Saved data entries:
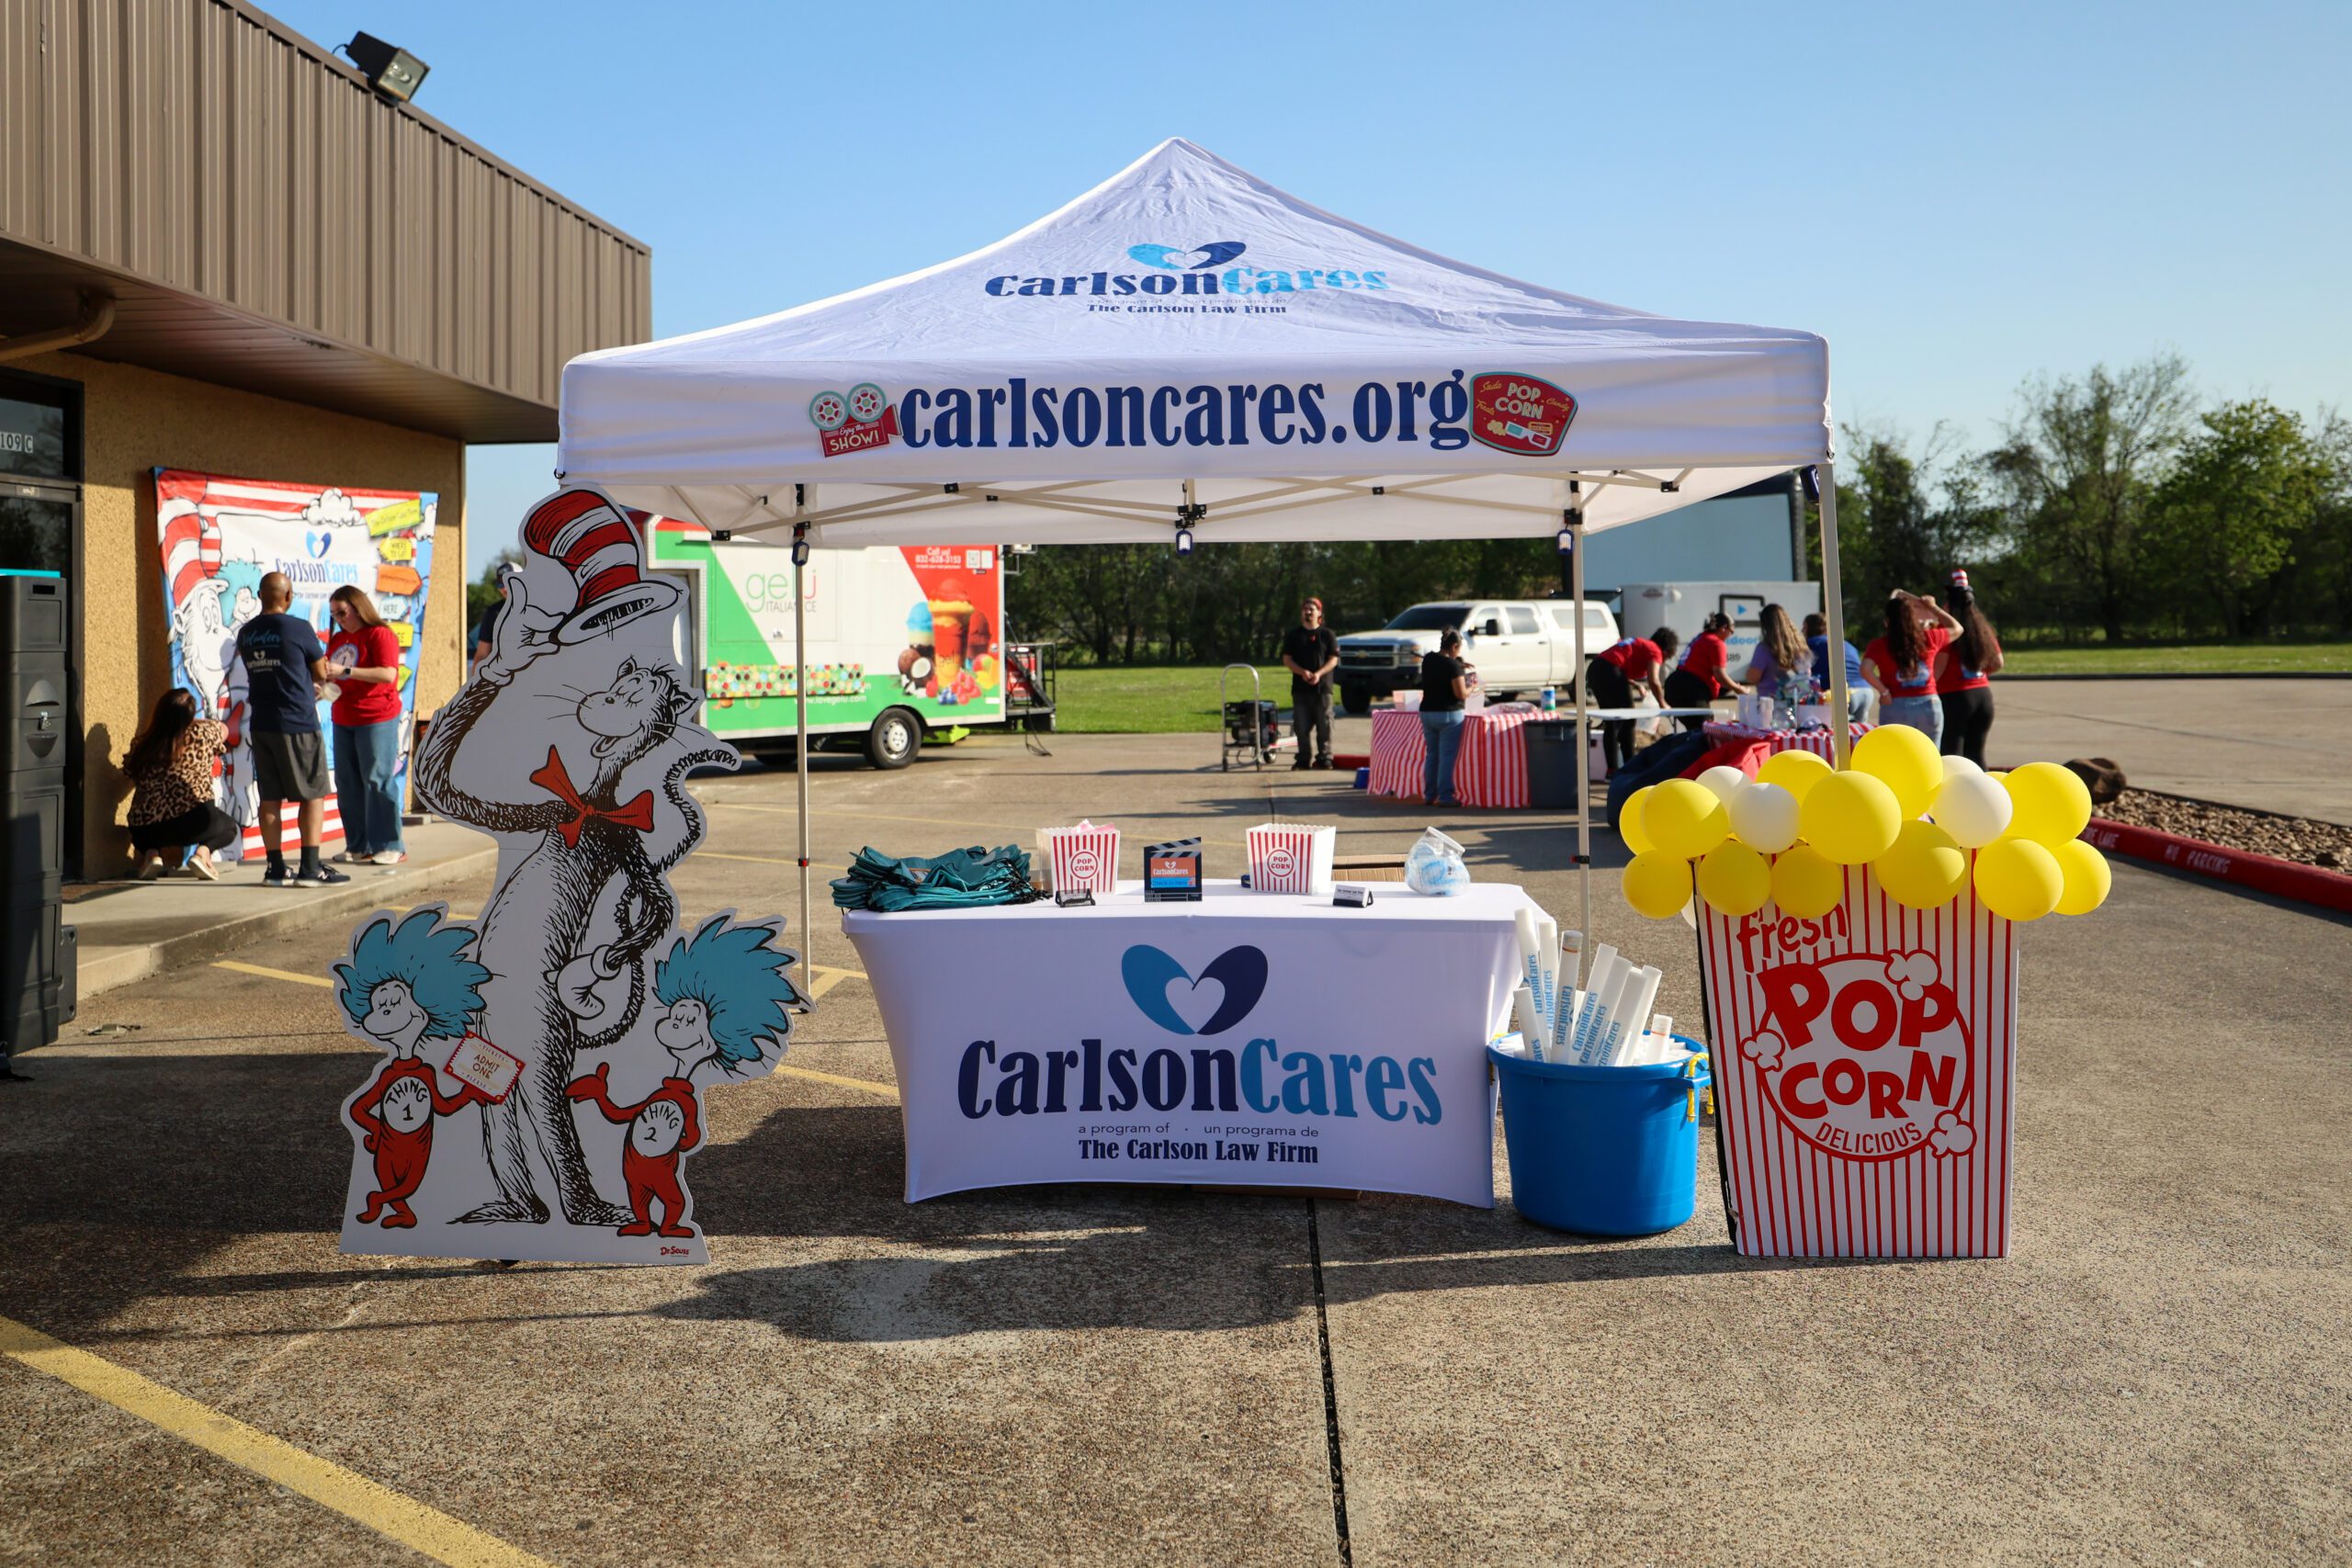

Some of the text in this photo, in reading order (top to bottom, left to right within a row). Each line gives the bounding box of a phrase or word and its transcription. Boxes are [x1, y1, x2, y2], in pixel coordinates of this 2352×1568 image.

[1127, 305, 1194, 313] Carlson
[1202, 305, 1237, 313] Law
[1245, 305, 1286, 313] Firm
[1507, 382, 1542, 401] POP
[900, 369, 1470, 450] carlsoncares.org
[1495, 397, 1544, 420] CORN
[839, 423, 865, 436] Enjoy the
[830, 430, 879, 452] SHOW!
[383, 604, 398, 615] HERE
[805, 601, 817, 613] CE
[2164, 844, 2232, 874] NO PARKING
[1757, 964, 1958, 1051] POP
[472, 1063, 493, 1079] ONE
[474, 1054, 500, 1073] ADMIT
[385, 1079, 428, 1104] THING
[958, 1039, 1442, 1125] CarlsonCares
[1780, 1050, 1957, 1120] CORN
[402, 1103, 413, 1122] 1
[644, 1127, 657, 1142] 2
[1091, 1125, 1150, 1136] program
[1156, 1122, 1170, 1134] of
[1226, 1126, 1296, 1137] programa
[1300, 1126, 1319, 1137] de
[1815, 1122, 1922, 1155] DELICIOUS
[1079, 1139, 1318, 1163] The Carlson Law Firm

→ **EXERCISE DIRECTIONS**
Repeat each entry above word for word, leaving every picture out.

→ **RESPONSE TO THE EXERCISE**
Some of the text in this photo, in reading order (top to bottom, left to right within a row). Each line gives the bounding box of a phrase or word and its transcription. Boxes are [x1, y1, x2, y2], in pixel coordinates of this 2352×1568 image.

[1127, 305, 1194, 313] Carlson
[1202, 305, 1237, 313] Law
[1245, 305, 1286, 313] Firm
[1507, 382, 1542, 401] POP
[900, 369, 1470, 450] carlsoncares.org
[1495, 397, 1544, 420] CORN
[839, 423, 865, 436] Enjoy the
[830, 430, 879, 452] SHOW!
[383, 604, 398, 615] HERE
[805, 601, 817, 613] CE
[2164, 844, 2232, 874] NO PARKING
[1757, 964, 1958, 1051] POP
[472, 1063, 493, 1079] ONE
[474, 1054, 500, 1073] ADMIT
[385, 1079, 428, 1104] THING
[958, 1039, 1442, 1125] CarlsonCares
[1780, 1050, 1957, 1120] CORN
[402, 1103, 413, 1122] 1
[644, 1127, 657, 1142] 2
[1091, 1125, 1150, 1136] program
[1156, 1122, 1170, 1134] of
[1226, 1126, 1296, 1137] programa
[1300, 1126, 1319, 1137] de
[1815, 1122, 1922, 1155] DELICIOUS
[1079, 1139, 1318, 1163] The Carlson Law Firm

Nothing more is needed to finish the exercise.